Max raced for the cover of the nearest tent, expecting a round to take her down at any second. Whoever was out there surely had night goggles and saw her as she had seen them, and they were better than she was. She might have a rifle, but she was no tactical sailor. She could shoot as well as most on the firing range, but she was a surgeon first. Necessity made her a warrior, and she’d fight as long as she could to protect Grif and Rachel and Amina, but she was outnumbered and out of her element.

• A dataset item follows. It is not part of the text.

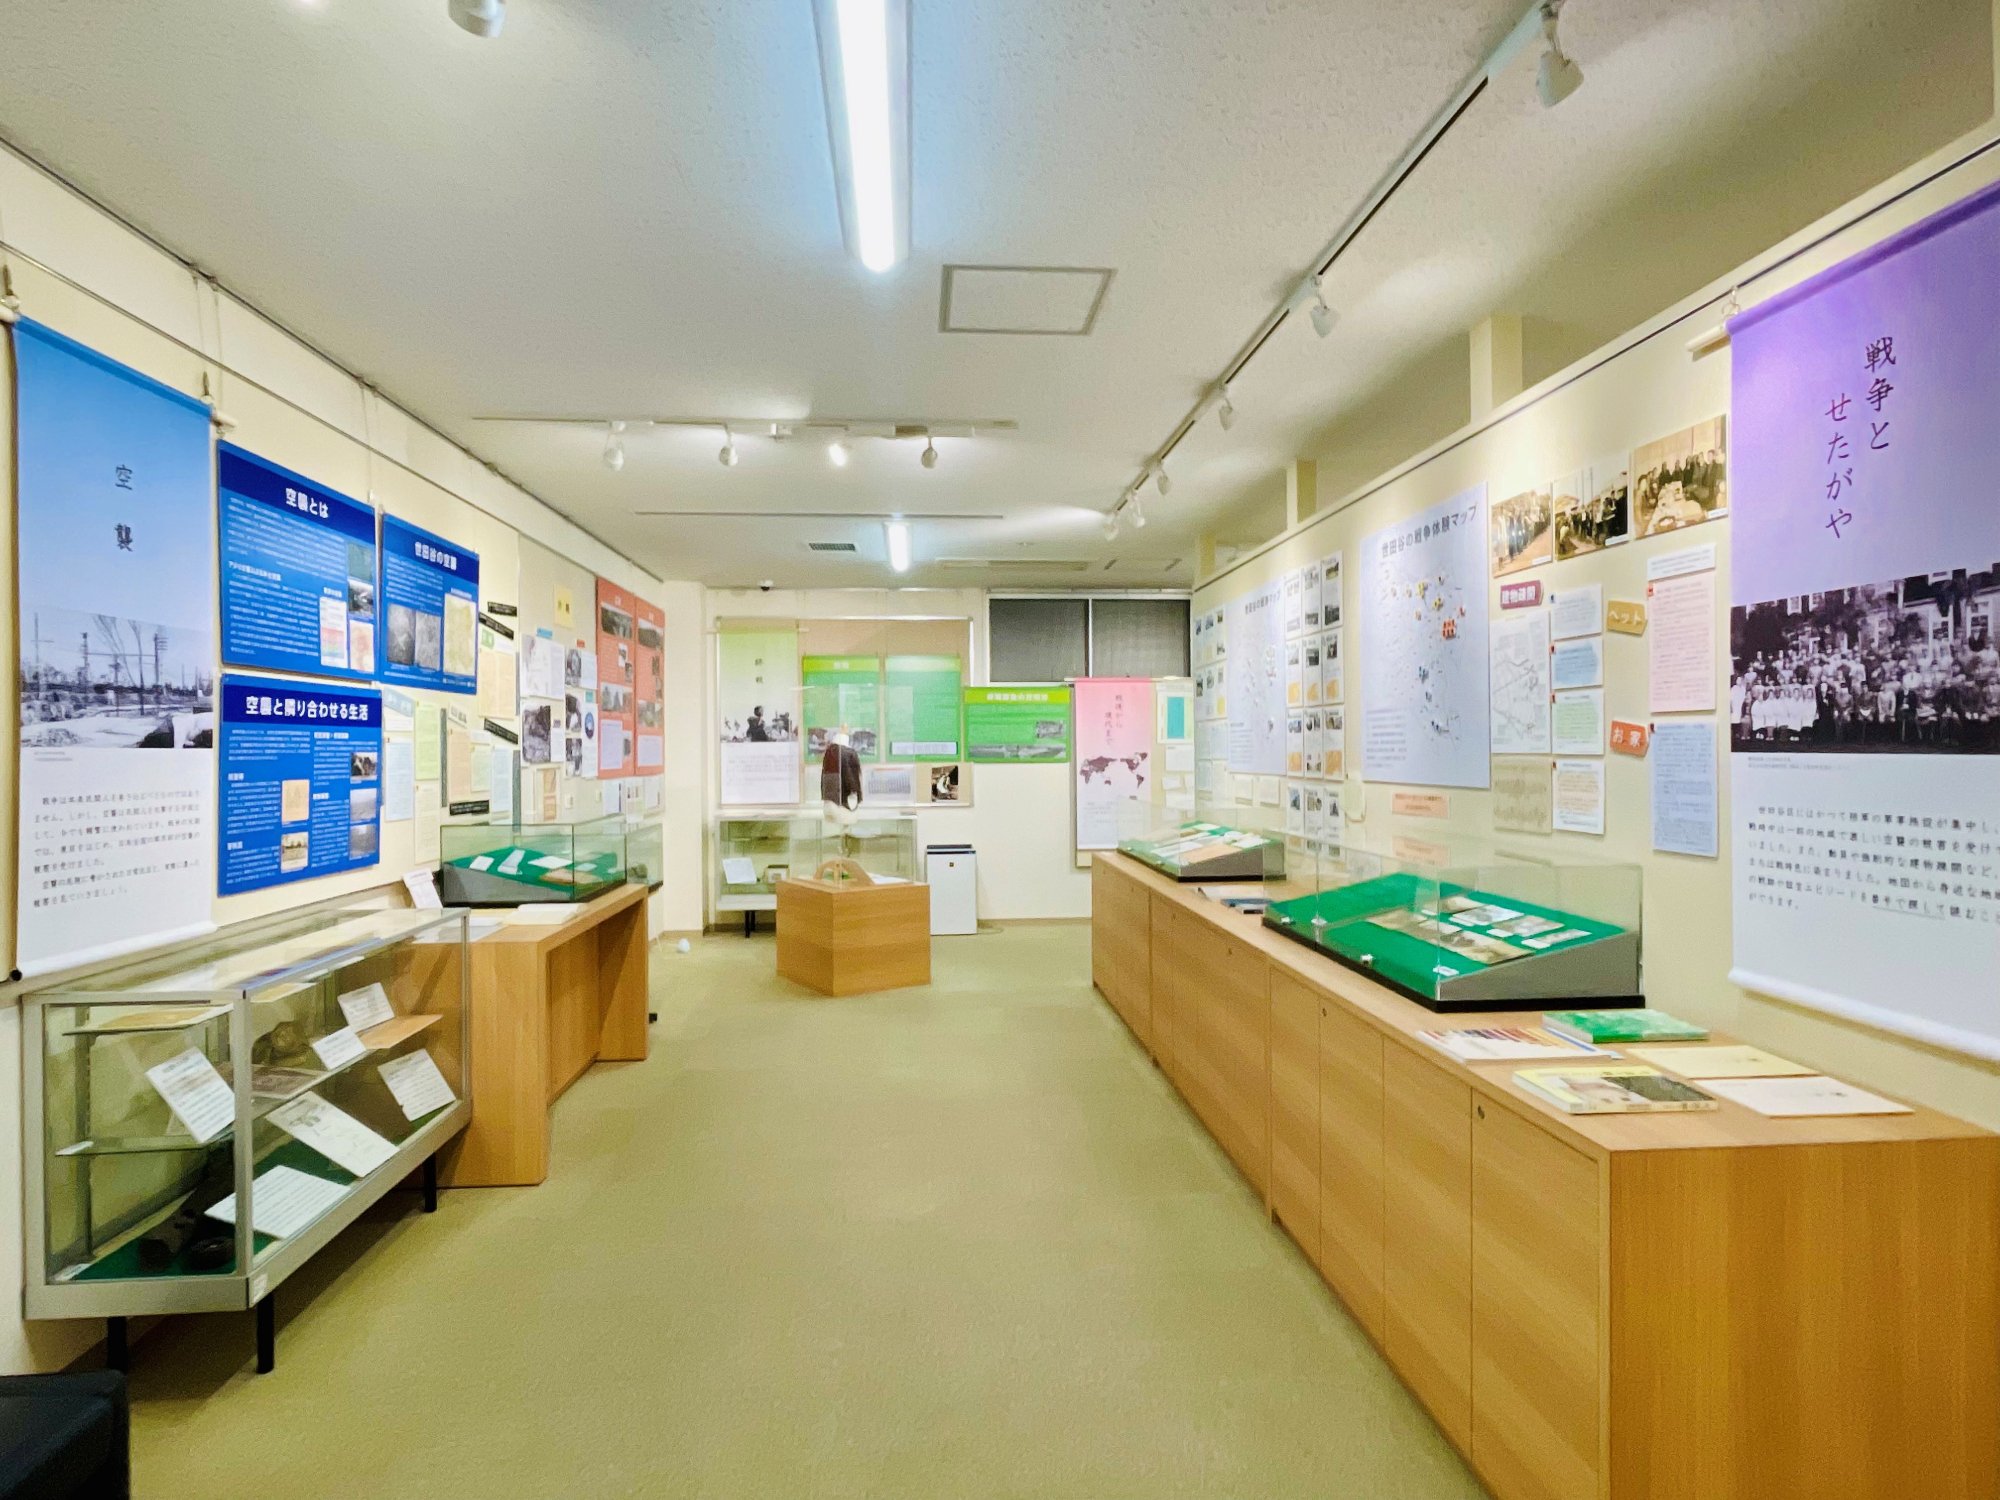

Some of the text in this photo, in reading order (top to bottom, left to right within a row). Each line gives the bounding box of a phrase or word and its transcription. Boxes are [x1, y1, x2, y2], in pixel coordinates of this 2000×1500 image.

And what-if-ing wasn’t going to do her a damn bit of good. She had a plan and she wasn’t going to come up with a better one now. First step was to make sure Grif hadn’t fallen asleep or passed out from the pain—if he was awake, he could defend himself, even with one leg out of commission, better than Rachel and Amina. Once she knew he was secure, she could decide whether to head for the jungle in the hope of drawing the intruders away, stand out in the open and fight, or take a defensive position in the foxhole with Rachel and Amina. She checked the immediate area, saw no one, and sprinted across the twenty yards between her and the admin tent. Halfway there something hard and huge hit her in the midsection, her feet left the ground, and she flew a good ten feet and landed on her back with her rifle under her. The air whooshed out of her lungs when she hit, and a heavy body landed on top of her, making it impossible for her to drag in air. Gagging, gasping for breath with muscles that wouldn’t work, she fumbled for her sidearm. A formless face, masked by night-vision goggles and opaque camouflage paint, hovered over hers. The glint of steel flashed as a knife blade touched her throat.

A deep male voice rumbled, “Hernandez, SEAL Team Four. Who are you?”

“De Milles…” Max’s ribcage heaved as air rushed back in and she bit back a moan. Cracked rib or two. “Navy Medical Corps.”

He eased to the side and the crushing weight lessened. “Good to see you, de Milles.”

He grabbed her jacket, hoisted her up, and dragged her across the open ground to the cover of the nearest tent. “Sorry about the tackle. Had to be sure you weren’t some muj in a confiscated uniform. Where are the others?”

Max had only a second to savor the relief. They were still in the middle of a firefight and a long way from safe. “One wounded in the big tent on the left. Two civilians in a foxhole in the center of the camp.”

“One of the civilians name of Winslow?”

“That’s right,” Max said. “What’s the situation?”

“The birds can’t make it here—too much ground activity. We have to walk out a ways.” He murmured into his com link, instructing someone to get Grif.